▶ BRIEF: Transcribe each record below character for character.

▶ Dataset records:
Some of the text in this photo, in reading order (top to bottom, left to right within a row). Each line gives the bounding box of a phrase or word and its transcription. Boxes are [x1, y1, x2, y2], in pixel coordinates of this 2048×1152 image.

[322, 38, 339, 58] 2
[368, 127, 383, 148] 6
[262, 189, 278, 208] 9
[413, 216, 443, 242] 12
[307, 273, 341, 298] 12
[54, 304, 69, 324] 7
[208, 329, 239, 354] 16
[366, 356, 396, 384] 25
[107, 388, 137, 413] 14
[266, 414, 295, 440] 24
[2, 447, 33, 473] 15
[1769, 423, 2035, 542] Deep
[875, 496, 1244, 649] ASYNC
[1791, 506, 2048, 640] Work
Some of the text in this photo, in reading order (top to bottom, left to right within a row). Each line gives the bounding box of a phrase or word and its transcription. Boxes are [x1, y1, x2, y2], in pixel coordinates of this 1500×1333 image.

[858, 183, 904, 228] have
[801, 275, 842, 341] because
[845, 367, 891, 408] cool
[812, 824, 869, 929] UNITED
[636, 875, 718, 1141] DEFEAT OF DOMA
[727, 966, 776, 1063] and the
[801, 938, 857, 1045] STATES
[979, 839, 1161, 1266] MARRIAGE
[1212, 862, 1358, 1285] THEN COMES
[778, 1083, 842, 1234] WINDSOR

▶ REPLY:
Some of the text in this photo, in reading order (top to bottom, left to right within a row). Each line gives the bounding box of a phrase or word and its transcription. Boxes are [x1, y1, x2, y2], in pixel coordinates of this 2048×1152 image.

[322, 38, 339, 58] 2
[368, 127, 383, 148] 6
[262, 189, 278, 208] 9
[413, 216, 443, 242] 12
[307, 273, 341, 298] 12
[54, 304, 69, 324] 7
[208, 329, 239, 354] 16
[366, 356, 396, 384] 25
[107, 388, 137, 413] 14
[266, 414, 295, 440] 24
[2, 447, 33, 473] 15
[1769, 423, 2035, 542] Deep
[875, 496, 1244, 649] ASYNC
[1791, 506, 2048, 640] Work
Some of the text in this photo, in reading order (top to bottom, left to right within a row). Each line gives the bounding box of a phrase or word and its transcription. Boxes are [x1, y1, x2, y2], in pixel coordinates of this 1500×1333 image.

[858, 183, 904, 228] have
[801, 275, 842, 341] because
[845, 367, 891, 408] cool
[812, 824, 869, 929] UNITED
[636, 875, 718, 1141] DEFEAT OF DOMA
[727, 966, 776, 1063] and the
[801, 938, 857, 1045] STATES
[979, 839, 1161, 1266] MARRIAGE
[1212, 862, 1358, 1285] THEN COMES
[778, 1083, 842, 1234] WINDSOR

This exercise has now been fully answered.